Stored data:
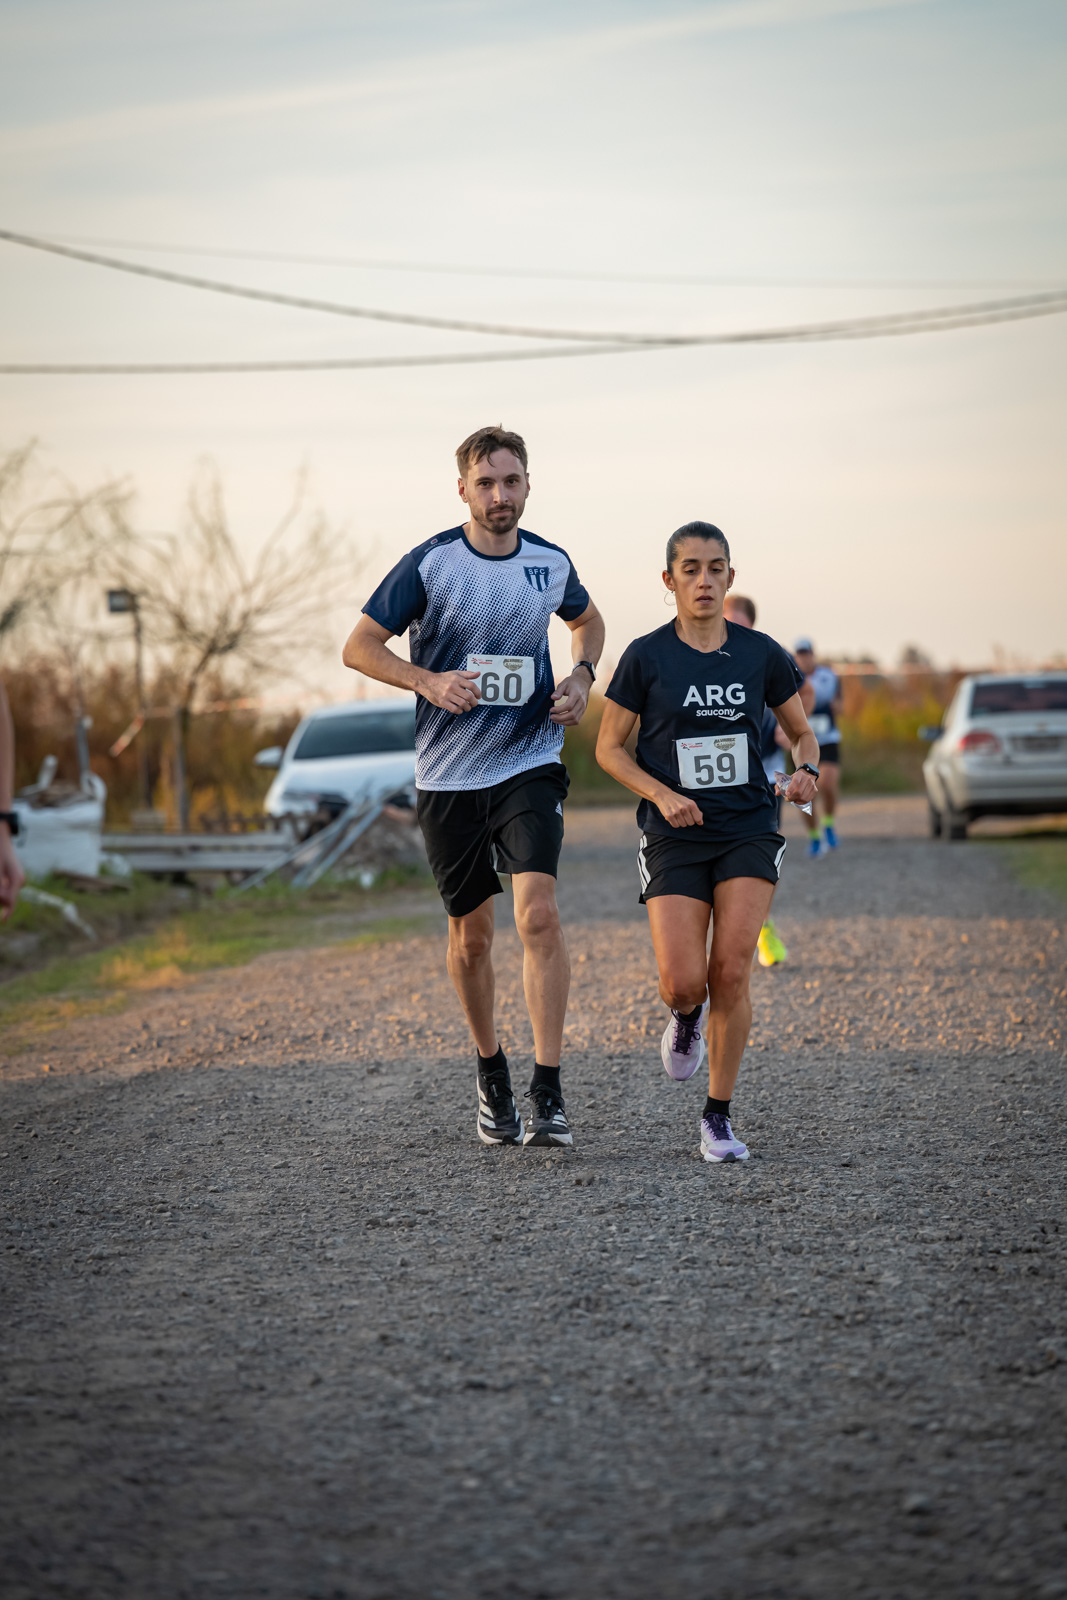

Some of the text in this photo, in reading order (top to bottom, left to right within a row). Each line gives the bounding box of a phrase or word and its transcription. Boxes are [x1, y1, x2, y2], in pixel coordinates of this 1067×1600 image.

[481, 672, 522, 703] 60
[682, 683, 746, 707] ARG
[696, 708, 736, 717] saucony
[694, 752, 736, 786] 59
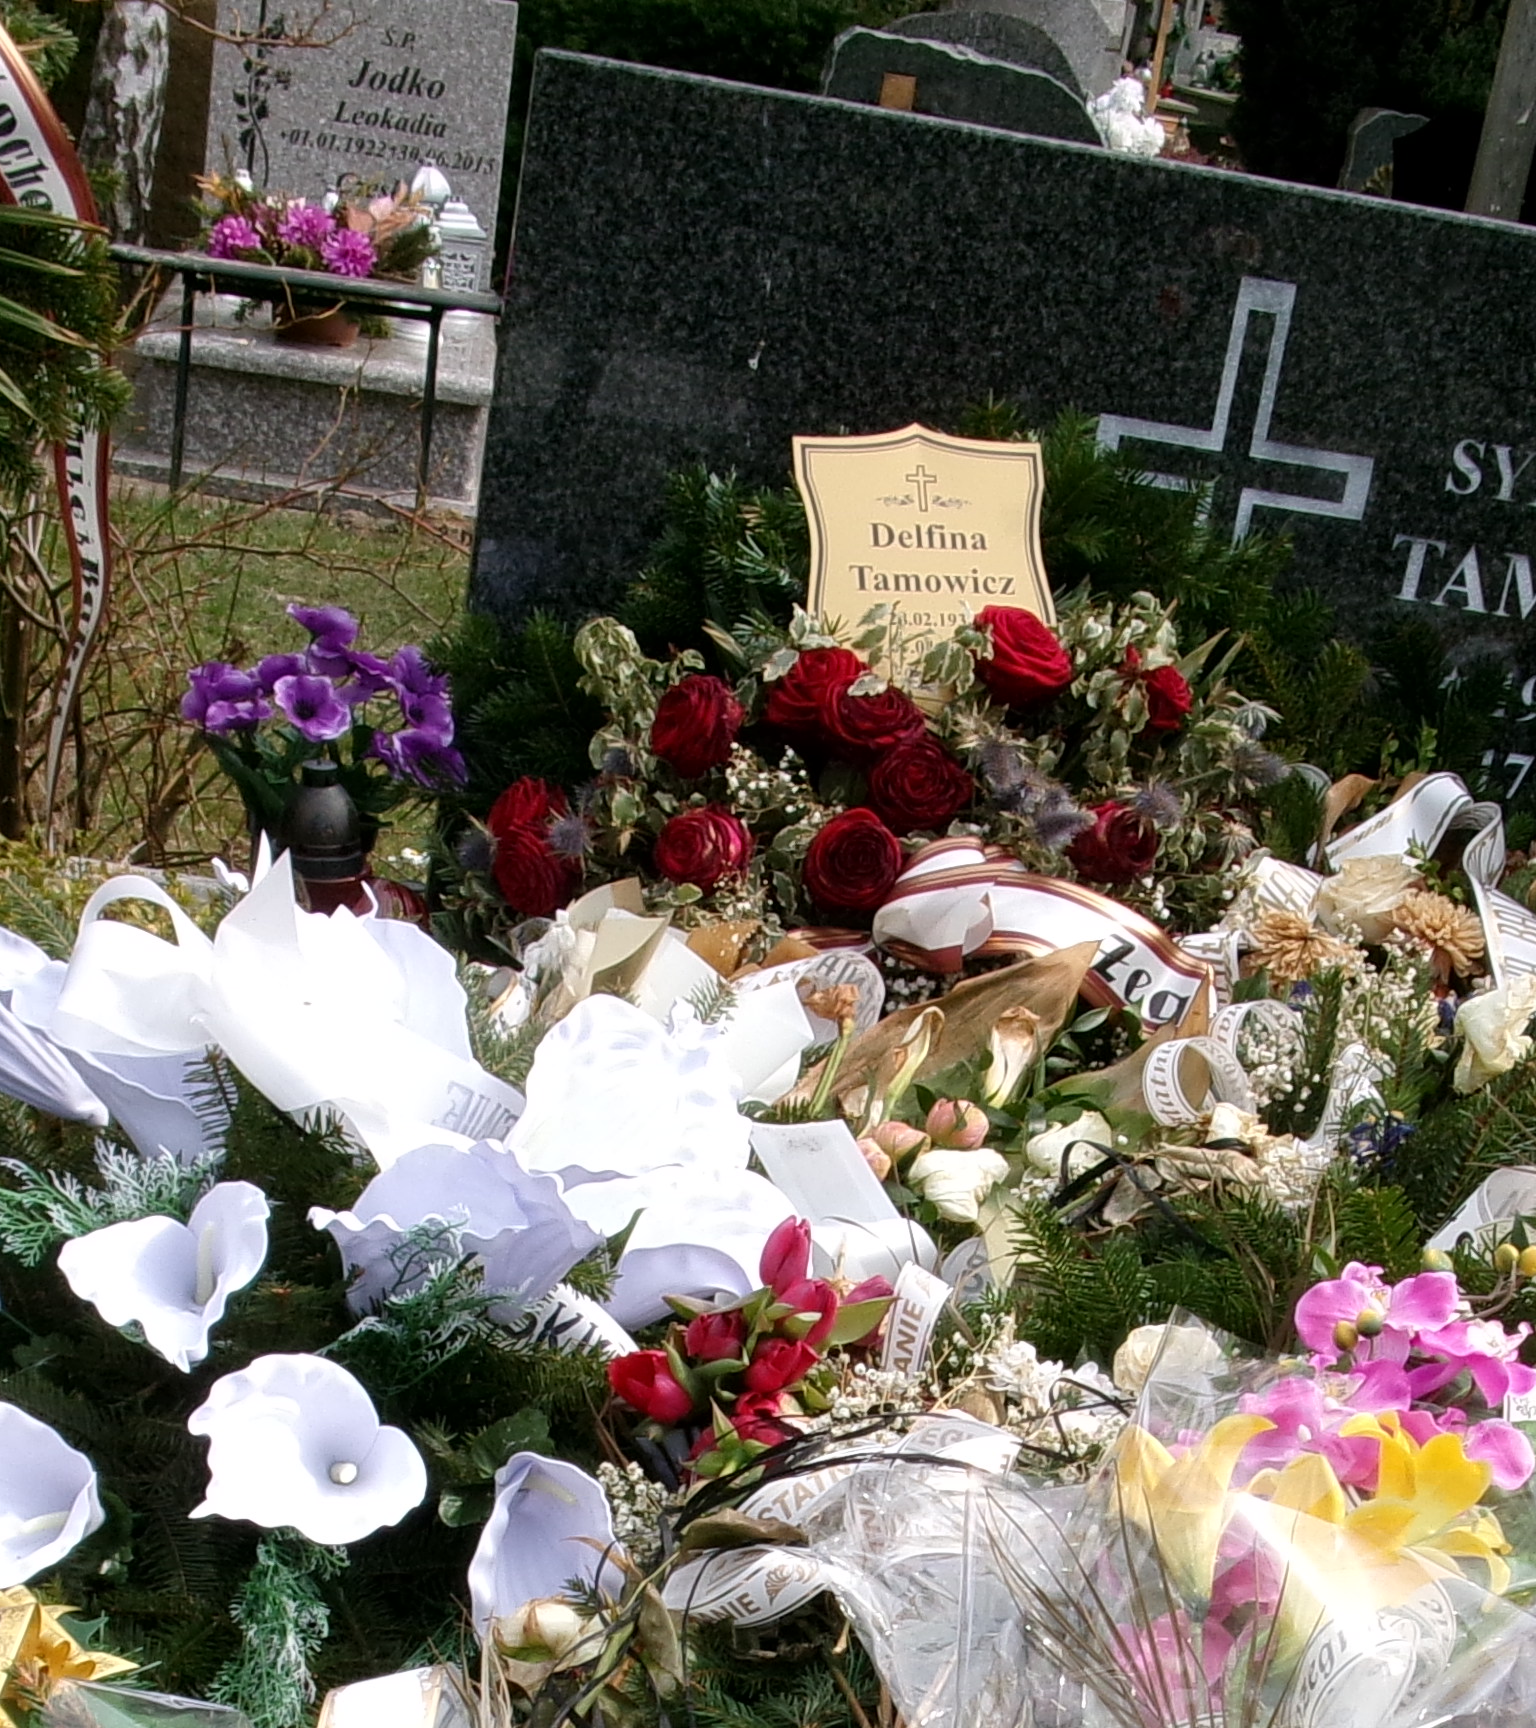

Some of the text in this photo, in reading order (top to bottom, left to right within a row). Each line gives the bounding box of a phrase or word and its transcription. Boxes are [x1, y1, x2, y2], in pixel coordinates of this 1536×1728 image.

[348, 57, 446, 100] Jodko
[333, 100, 448, 138] Leokadia
[869, 522, 987, 551] Delfina
[848, 564, 1016, 595] Tamowicz
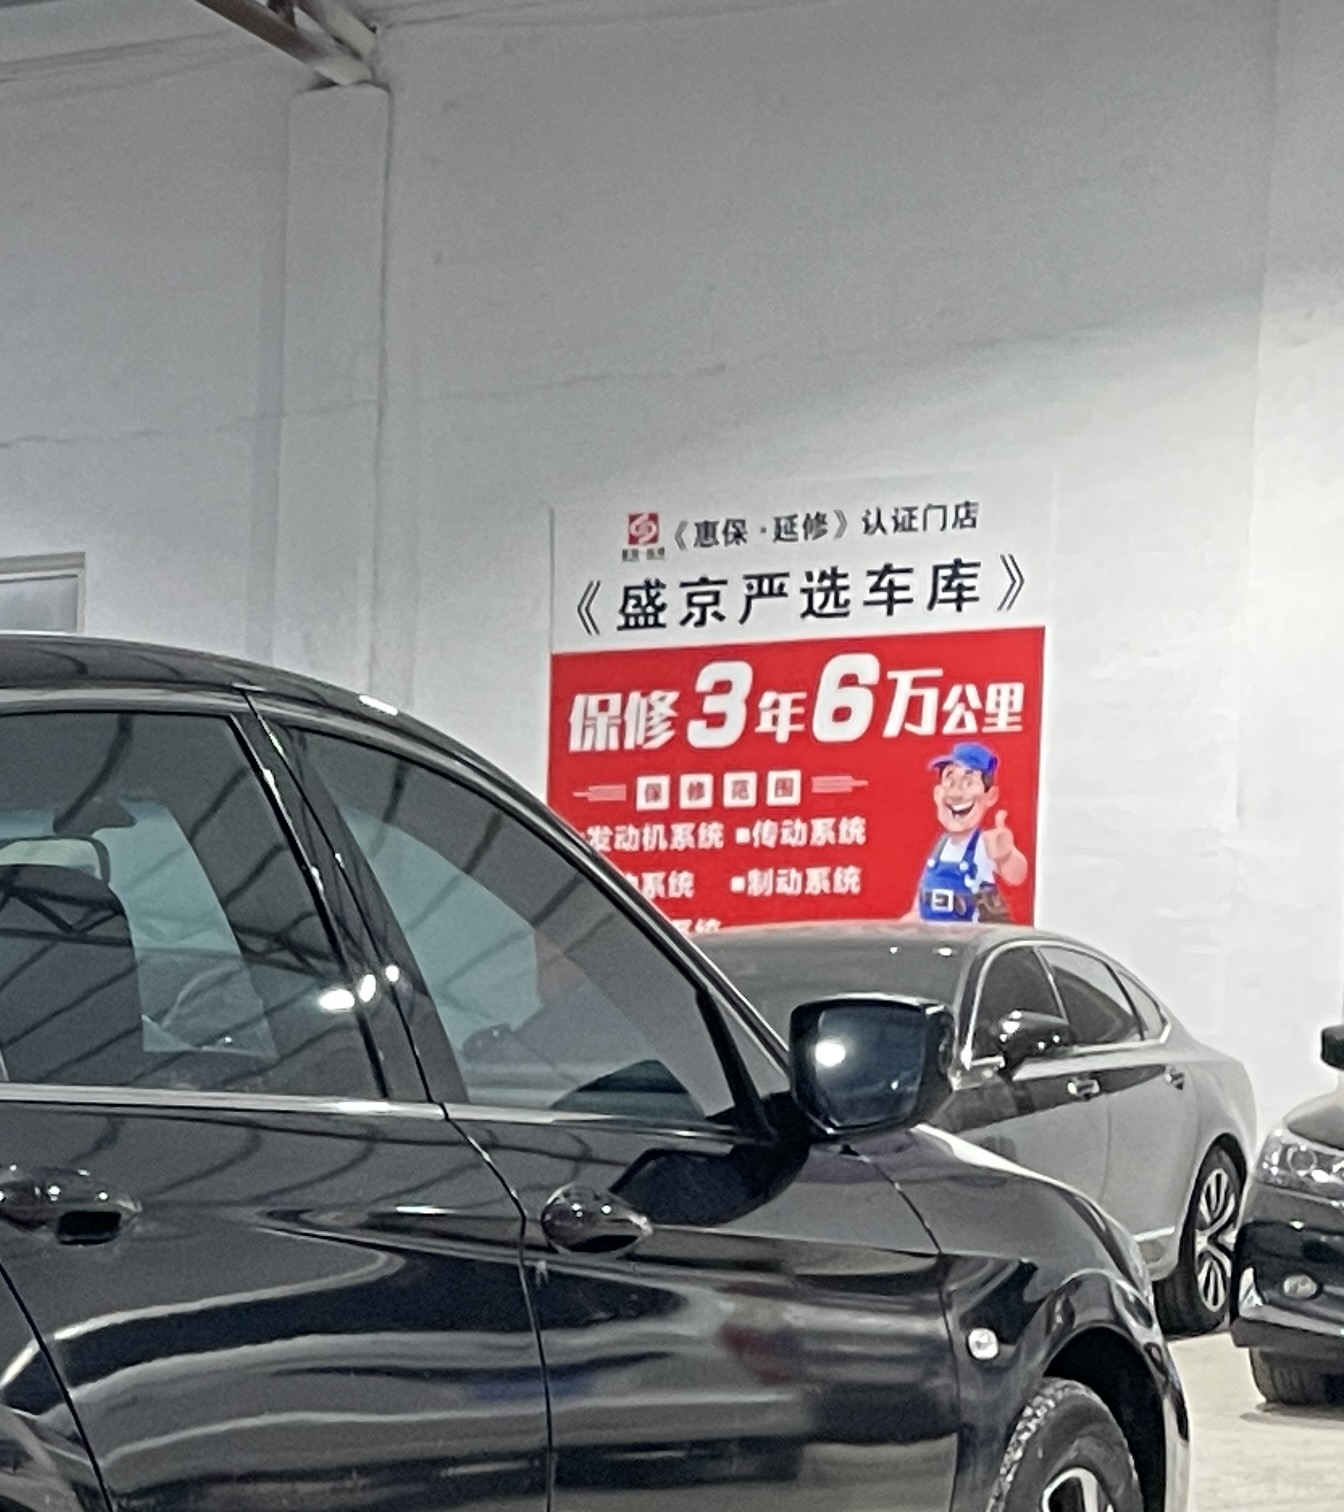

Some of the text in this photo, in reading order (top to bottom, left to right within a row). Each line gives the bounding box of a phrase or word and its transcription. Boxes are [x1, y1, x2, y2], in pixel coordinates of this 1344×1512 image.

[752, 816, 867, 848] 传动系统
[747, 866, 861, 896] 制动系统

Task:
Word for word, give the listing above again, but drop any pictures.

Exercise output:
Some of the text in this photo, in reading order (top to bottom, left to right within a row). Each line gives the bounding box of a phrase or word and its transcription. Boxes are [x1, y1, x2, y2], in pixel coordinates of this 1067×1600 image.

[481, 672, 522, 703] 60
[682, 683, 746, 707] ARG
[696, 708, 736, 717] saucony
[694, 752, 736, 786] 59

Some of the text in this photo, in reading order (top to bottom, left to right within a row). Each line gives the bounding box of a phrase or word and its transcription. Boxes are [x1, y1, x2, y2], in pixel coordinates of this 1536×1728 image.

[348, 57, 446, 100] Jodko
[333, 100, 448, 138] Leokadia
[869, 522, 987, 551] Delfina
[848, 564, 1016, 595] Tamowicz

Some of the text in this photo, in reading order (top to bottom, left to right within a row). Each line gives the bounding box of a phrase or word and its transcription. Boxes are [x1, y1, x2, y2], in pixel coordinates of this 1344×1512 image.

[752, 816, 867, 848] 传动系统
[747, 866, 861, 896] 制动系统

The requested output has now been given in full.